Solar panels, invertors and other related equipment could possibly be purchased by a property owner on a PST-exempt basis using the exemption for “manufacturing and processing equipment”. However, manufacturers or producers of electricity (other than utilities) are excluded from being eligible for the “manufacturing and processing equipment” PST exemption. There is, however, an exception for certain “small” manufacturers and producers of electricity who may be able to purchase such equipment on a PST-exempt basis if the total fair value of tangible personal property (e.g electricity) sold by such person in a fiscal year is less than $5,000 or where the fair value of tangible personal property manufactured for such person’s own use is less than $50,000 in a fiscal year.

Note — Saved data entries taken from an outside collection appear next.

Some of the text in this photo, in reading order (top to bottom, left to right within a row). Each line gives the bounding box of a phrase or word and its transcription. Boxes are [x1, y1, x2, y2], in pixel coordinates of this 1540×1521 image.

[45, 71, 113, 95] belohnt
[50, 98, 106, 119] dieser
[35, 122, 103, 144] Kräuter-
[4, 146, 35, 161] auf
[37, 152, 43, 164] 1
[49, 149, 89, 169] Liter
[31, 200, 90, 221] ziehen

Where the solar panels, invertors and other equipment become fixtures when installed on a person’s real property and where such equipment is acquired from a contractor who installs such equipment as a fixture, it is the contractor who is subject to and who would pay PST on the equipment, not the customer. Presumably the PST incurred by the contractor on acquiring such equipment would be priced into and passed along to the property owner as part of the total contract price for the equipment and installation.
Commencing July 1, 2010, PST will be eliminated and instead will be “harmonized” with the GST as part of a combined federal/Ontario sales tax at the rate of 13% (i.e. 5% GST, plus 8% Ontario sales tax). It is expected that the HST consequences will be the same as the analysis above concerning GST except that the rate will be 13% instead of 5%.

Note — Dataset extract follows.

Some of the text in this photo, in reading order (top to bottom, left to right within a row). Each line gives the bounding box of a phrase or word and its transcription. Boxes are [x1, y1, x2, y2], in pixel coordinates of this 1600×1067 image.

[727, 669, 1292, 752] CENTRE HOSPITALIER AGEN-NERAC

The homeowner or the small business would both be considered to be in the business of generating power, and the revenue received under the FIT Contract will be taxable income. The operating and interest costs of the facility should be deductible and the capital cost allowance can be taken, on the accelerated basis provided under the Income Tax Act (Canada) for renewable energy assets.
Conversion from “Net Metering Project”
Net Metered Projects that are under the 10 kw threshold may be converted into MicroFIT projects.
All environmental attributes, such as renewable energy certificates, carbon credits, or the like generated by the MicroFIT Contract belong to the OPA.
Solar PV rooftop projects of 10 kw or less do not require a Renewable Project Approval. Wind projects do, if they are larger than 3 kw.
The project owner can assign its rights and obligations under the MicroFIT Contract (for example, if the owner sells its house) with the OPA’s consent, and such consent cannot be unreasonably withheld.
Future price changes, other program amendments, or the elimination of the program do not affect the status and rights of parties that have already received a conditional offer to enter into a MicroFIT Contract. Price changes and other changes will not be retroactive.
While MicroFIT Projects are not large relative to FIT Projects, they can represent substantial sums of money for homeowners, small business owners, institutions or communities. These parties should retain independent legal and accounting advice to assist them with the installer’s contract, (and FIT Contract), regulatory requirements, insurance and tax. Some LDCs may still use connection agreements that differ from the Board approved form. Installers/Suppliers will tend to have a “standard form” contract, but it may need to be adjusted to reflect the buyer’s particular circumstances and interests, and perhaps to more evenly balance the risks.